Tel Aviv University researchers have proposed a new theory for why the body’s tanning process does not occur immediately after exposure to the sun’s rays, but only after a few hours or even days.
The study found that the body’s initial response to sun exposure is to prioritize repairing DNA damage in the skin cells, which inhibits the mechanism responsible for skin pigmentation, commonly known as tanning.
The research, published in the Journal of Investigative Dermatology, was led by doctoral student Nadav Elkoshi and Professor Carmit Levy of the Department of Human Molecular Genetics and Biochemistry at the university’s Faculty of Medicine, and in collaboration with scientists from Wolfson Medical Center in Holon, the Weizmann Institute of Science in Rehovot, the University of California and Paris-Saclay University.
“We have two mechanisms designed to protect the skin from exposure to dangerous UV radiation.
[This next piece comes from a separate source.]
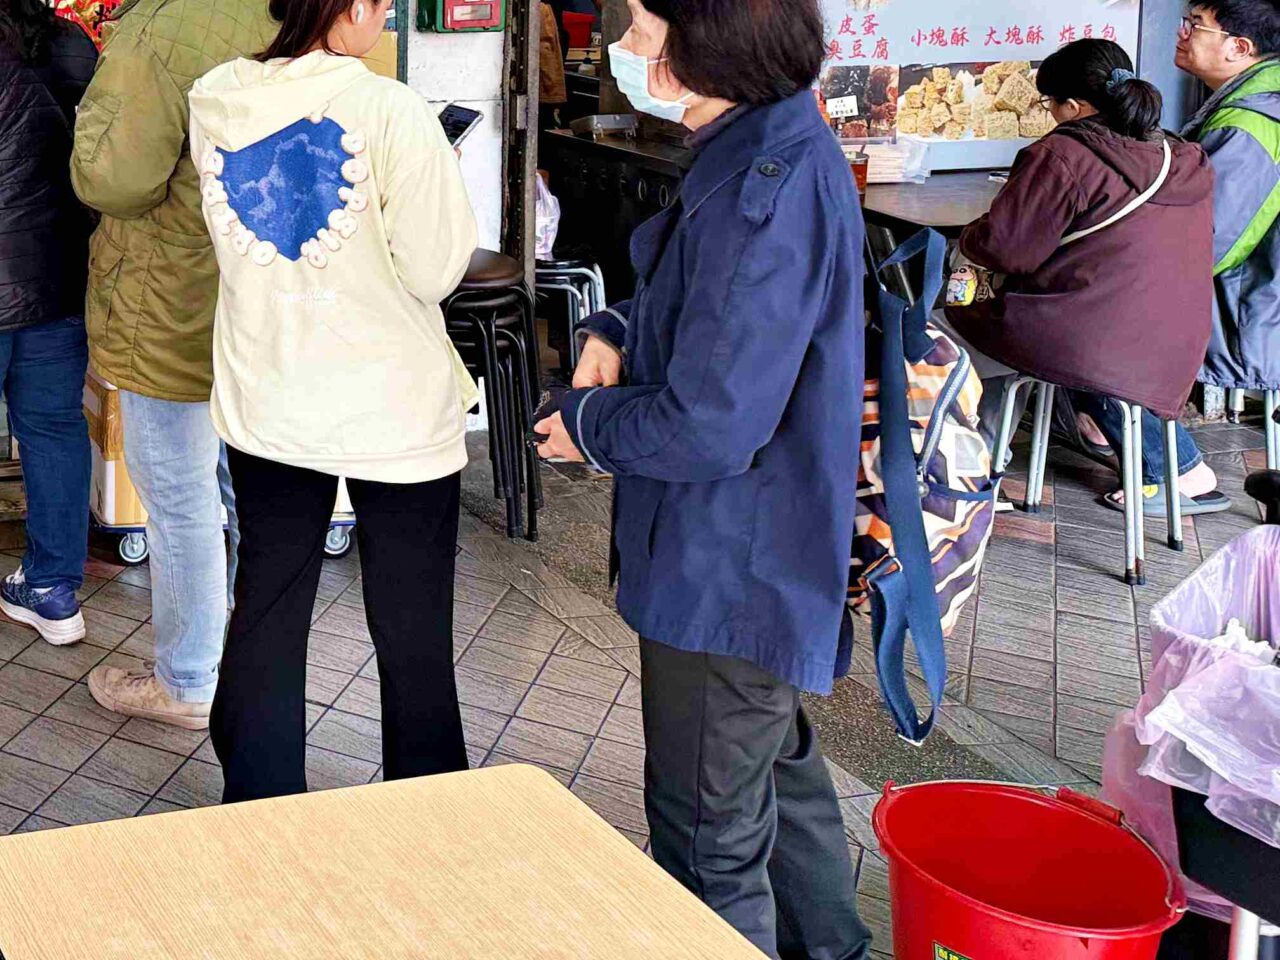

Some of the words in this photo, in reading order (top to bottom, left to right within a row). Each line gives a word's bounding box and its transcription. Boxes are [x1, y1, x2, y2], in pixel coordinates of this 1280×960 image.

The first mechanism repairs the DNA in the skin cells damaged by the radiation, while the second mechanism involves increased production of melanin, which darkens the skin in order to protect it from future exposure to radiation,” explained Elkoshi.
“It turns out that the mechanism that repairs our DNA takes precedence over all other systems in the cell, temporarily inhibiting the pigmentation mechanism. Only after the cells repair the genetic information to the best of their ability do they begin to produce the
increased melanin,” he added.
To test their hypothesis, the researchers activated the DNA repair mechanism in both animal models and human skin tissues. In both, a tan developed even without any exposure to UV radiation, substantiating their findings.
“The genetic information must be protected from mutations, so this repair mechanism takes precedence inside the cell during exposure to ultraviolet radiation from the sun,” said Levy.
“The DNA repair mechanism essentially tells all the other mechanisms in the cell, ‘Stop everything, and let me work in peace.’ One system effectively paralyzes the other, until the DNA correction reaches its peak, which occurs a few hours after the UV exposure. Only then does the pigment production mechanism get to work,” she added.
The researchers had previously shown that a protein called MITF, which is activated during exposure, is responsible for regulating these two mechanisms. In the current study, they identified another protein, called ATM, which plays a key role in DNA repair and activates one mechanism while disabling the other.
“This process likely harnesses the pigmentation mechanism’s components to maximize the chances of the cell surviving without mutations following radiation exposure,” said Levy.
The discovery will serve as a foundation for further research that could lead to innovative treatments providing maximum protection of the skin against radiation damage and, in the long run, may contribute to the prevention of skin cancer.